La franchise de l’évaluation et la clarté de la description caractérisent le discours de João Virgínio sur son séjour en prison : « Je produisais un demi-camion de marchandises par semaine dans cette ferme. L'armée m'a emmené, m'a mis en prison, m'a aveuglé d'un œil, m'a donné un coup et j'ai perdu une oreille, un autre coup et j'ai perdu le cœur. J'ai passé six ans en prison. Qu’ai-je construit dans le réseau carcéral de la nation ? Ils ont pris une montre, une ceinture, 50 contos en liquide, une jeep. Est-ce une sorte de révolution ? Le prendre à un homme pucé comme moi ? Mes enfants sont laissés là, tout se meurt. A quoi bon l'armée me fait une telle honte ? Il vaudrait mieux me faire tirer dessus. J'étais plus en colère que je ne l'étais.
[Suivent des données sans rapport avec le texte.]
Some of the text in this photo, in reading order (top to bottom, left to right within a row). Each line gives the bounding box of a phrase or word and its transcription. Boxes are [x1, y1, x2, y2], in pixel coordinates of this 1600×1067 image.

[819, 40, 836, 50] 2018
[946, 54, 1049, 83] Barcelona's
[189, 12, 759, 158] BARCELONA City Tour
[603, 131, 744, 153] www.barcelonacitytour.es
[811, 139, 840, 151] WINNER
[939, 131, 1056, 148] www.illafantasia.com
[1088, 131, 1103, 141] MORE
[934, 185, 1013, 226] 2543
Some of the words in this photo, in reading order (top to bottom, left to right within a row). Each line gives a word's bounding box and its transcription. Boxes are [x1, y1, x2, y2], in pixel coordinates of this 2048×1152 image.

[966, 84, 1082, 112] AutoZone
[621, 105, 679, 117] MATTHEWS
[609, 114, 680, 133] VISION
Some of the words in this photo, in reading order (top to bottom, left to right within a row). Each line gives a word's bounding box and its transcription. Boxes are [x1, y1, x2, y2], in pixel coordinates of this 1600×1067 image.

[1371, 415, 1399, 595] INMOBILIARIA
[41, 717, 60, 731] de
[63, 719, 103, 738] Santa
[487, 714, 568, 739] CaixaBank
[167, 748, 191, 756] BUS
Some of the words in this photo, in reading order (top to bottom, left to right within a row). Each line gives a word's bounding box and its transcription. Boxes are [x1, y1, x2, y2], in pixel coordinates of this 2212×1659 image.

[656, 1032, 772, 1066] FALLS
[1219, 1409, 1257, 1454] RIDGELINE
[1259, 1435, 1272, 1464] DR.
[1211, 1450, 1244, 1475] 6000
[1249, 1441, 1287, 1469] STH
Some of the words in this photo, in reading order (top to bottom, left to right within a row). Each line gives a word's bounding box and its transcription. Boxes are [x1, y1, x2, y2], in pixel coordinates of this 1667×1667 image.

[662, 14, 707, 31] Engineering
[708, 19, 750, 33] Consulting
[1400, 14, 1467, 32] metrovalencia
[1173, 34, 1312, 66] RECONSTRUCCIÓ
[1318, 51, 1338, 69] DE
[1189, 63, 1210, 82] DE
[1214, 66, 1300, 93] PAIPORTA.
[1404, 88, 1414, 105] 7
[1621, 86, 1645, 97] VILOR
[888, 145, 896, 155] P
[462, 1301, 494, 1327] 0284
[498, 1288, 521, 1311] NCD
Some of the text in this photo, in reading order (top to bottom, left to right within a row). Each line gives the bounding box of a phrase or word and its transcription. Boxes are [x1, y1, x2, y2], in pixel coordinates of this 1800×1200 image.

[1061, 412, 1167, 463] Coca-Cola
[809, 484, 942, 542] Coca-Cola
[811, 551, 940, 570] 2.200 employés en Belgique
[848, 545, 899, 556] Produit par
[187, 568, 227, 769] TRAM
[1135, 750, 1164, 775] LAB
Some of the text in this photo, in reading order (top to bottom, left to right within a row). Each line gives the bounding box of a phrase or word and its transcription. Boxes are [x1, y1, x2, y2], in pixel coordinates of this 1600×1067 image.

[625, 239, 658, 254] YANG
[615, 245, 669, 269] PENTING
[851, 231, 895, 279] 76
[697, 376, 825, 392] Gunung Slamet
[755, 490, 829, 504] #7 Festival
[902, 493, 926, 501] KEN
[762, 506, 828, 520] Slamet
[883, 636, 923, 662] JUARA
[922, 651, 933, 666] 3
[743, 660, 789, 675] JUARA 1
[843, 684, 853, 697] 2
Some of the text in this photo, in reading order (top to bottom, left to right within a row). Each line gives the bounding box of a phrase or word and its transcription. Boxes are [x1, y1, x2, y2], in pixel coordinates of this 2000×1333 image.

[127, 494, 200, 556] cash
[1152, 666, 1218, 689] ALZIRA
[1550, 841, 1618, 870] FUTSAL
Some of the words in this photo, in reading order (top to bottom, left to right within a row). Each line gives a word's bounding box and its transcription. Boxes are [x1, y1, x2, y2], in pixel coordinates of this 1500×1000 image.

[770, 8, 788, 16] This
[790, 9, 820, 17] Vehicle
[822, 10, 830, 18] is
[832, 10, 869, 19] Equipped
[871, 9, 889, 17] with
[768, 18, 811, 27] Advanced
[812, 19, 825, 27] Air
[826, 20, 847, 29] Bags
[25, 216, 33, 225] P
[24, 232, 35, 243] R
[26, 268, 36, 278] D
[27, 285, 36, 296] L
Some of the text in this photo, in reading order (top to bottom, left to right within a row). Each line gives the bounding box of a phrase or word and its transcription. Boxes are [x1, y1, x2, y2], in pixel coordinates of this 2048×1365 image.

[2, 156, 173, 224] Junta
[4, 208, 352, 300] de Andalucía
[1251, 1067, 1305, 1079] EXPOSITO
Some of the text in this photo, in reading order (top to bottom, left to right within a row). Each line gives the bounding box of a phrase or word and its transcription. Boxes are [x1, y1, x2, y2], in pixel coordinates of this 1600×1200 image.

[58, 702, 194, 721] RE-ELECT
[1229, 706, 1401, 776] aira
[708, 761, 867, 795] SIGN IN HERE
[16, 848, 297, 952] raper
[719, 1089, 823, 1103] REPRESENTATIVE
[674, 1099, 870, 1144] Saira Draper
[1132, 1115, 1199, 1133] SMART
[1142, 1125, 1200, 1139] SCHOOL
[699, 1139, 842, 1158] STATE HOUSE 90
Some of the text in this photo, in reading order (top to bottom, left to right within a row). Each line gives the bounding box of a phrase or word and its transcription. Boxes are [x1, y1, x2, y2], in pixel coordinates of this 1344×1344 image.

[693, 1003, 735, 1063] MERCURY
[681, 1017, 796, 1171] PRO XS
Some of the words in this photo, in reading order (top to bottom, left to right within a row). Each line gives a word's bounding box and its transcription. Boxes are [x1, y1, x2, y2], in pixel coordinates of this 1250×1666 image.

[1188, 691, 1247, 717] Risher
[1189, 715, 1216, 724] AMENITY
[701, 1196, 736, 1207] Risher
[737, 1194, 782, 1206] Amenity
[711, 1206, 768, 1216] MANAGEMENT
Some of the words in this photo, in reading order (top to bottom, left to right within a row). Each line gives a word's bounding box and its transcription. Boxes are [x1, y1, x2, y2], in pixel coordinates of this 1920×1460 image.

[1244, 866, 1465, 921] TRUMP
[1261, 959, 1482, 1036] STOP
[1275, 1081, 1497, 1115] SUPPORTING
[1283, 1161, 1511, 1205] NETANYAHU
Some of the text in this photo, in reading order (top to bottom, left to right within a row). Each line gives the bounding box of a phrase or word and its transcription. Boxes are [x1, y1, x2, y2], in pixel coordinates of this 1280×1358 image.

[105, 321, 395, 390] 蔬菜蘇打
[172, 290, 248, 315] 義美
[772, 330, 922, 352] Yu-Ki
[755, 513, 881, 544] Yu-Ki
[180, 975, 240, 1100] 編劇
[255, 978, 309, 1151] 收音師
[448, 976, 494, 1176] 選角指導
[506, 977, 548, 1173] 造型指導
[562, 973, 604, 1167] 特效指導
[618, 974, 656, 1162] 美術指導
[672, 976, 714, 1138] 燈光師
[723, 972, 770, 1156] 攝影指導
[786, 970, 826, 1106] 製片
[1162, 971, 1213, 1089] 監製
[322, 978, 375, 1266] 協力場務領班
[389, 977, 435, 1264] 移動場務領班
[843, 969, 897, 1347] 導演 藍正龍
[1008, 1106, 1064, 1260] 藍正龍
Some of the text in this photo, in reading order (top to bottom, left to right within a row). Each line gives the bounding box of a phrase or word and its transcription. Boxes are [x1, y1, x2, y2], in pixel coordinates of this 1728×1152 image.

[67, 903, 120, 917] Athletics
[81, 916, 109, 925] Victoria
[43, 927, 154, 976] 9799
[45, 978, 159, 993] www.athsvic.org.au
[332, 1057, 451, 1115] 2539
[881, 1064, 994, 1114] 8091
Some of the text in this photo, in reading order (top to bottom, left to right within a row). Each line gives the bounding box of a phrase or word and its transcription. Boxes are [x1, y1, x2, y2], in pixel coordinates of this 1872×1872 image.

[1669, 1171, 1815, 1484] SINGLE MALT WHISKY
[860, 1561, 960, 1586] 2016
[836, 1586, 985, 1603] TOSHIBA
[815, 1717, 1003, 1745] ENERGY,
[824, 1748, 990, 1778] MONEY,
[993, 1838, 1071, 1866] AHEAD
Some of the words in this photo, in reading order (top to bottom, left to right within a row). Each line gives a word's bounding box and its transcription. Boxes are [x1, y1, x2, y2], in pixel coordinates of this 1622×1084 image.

Mes enfants meurent et moi en prison. J'ai passé vingt-quatre heures dans un bac à merde, ce bouillon, j'ai passé une heure comme ça (appuyé contre un mur pour ne pas m'asseoir), une autre comme ça (changer de mur). J'ai passé vingt-quatre heures debout. Seul le diable peut y faire face. Je n'arrive pas à croire que je suis en vie, car je n'ai jamais vu un esprit de ma qualité survivre (rires). Mais il n’y a rien de mieux qu’un jour après l’autre et une nuit entre les deux, et l’aide de Notre Seigneur Jésus-Christ est ce qui nous protégera. La grâce de Dieu tombe là, heure après heure, j'ai confiance en Dieu à cause de ce malheur, un jour les gens devront réfléchir à qui ils sont. Il n’est pas possible pour nous de vivre toute notre vie sous cette patte de taureau. »
Entre les deux Chèvres marquées, c'était dix-sept ans. En observant les changements de vie de ces acteurs/paysans rendus possibles par la proposition de film d'Eduardo Coutinho, la question se pose : l'art, parmi tant d'autres responsabilités, peut-il ou non être un véhicule de sensibilisation ?
Le fait est que Chèvre marquée pour la mort elle était si forte, même en tant que dénomination, qu'elle a fini par devenir une catégorie classificatoire pour tous ceux qui sont confrontés à des situations limites dans des conflits au cours de leur vie. Plínio de Arruda Sampaio, avocat et homme politique brésilien, en évoquant João Goulart, dit Jango, entre le 13 mars, jour du Rassemblement Central do Brasil, et le 31 mars, jour du coup d'État de 64, l'a classé comme tel. Il avait tout pour être un bouc marqué.
*Solange Peirão, historien, est directeur de Solar Pesquisas de História.
Référence
Chèvre marquée pour la mort
Brésil 1964-1984, Documentaire, 119 minutes.
Réalisation et scénario : Eduardo Coutinho.
Distribution : Eduardo Coutinho, Ferreira Gullar (narrateur), Tite de Lemos (narrateur).
Bibliographie
Alcides Freire Ramos, « L'historicité de Chèvre marquée pour la mort (1964-1984, Eduardo Coutinho)", Nouveau Monde Nouveau Monde, Débats, 2006.
Note
[1] RODRIGUES, Marly ; SUNDFELD, Roberta; PEIRÃO, Solange. TUCA 20 ans. São Paulo : Presse officielle d'État – IMESP, 1986, p.38.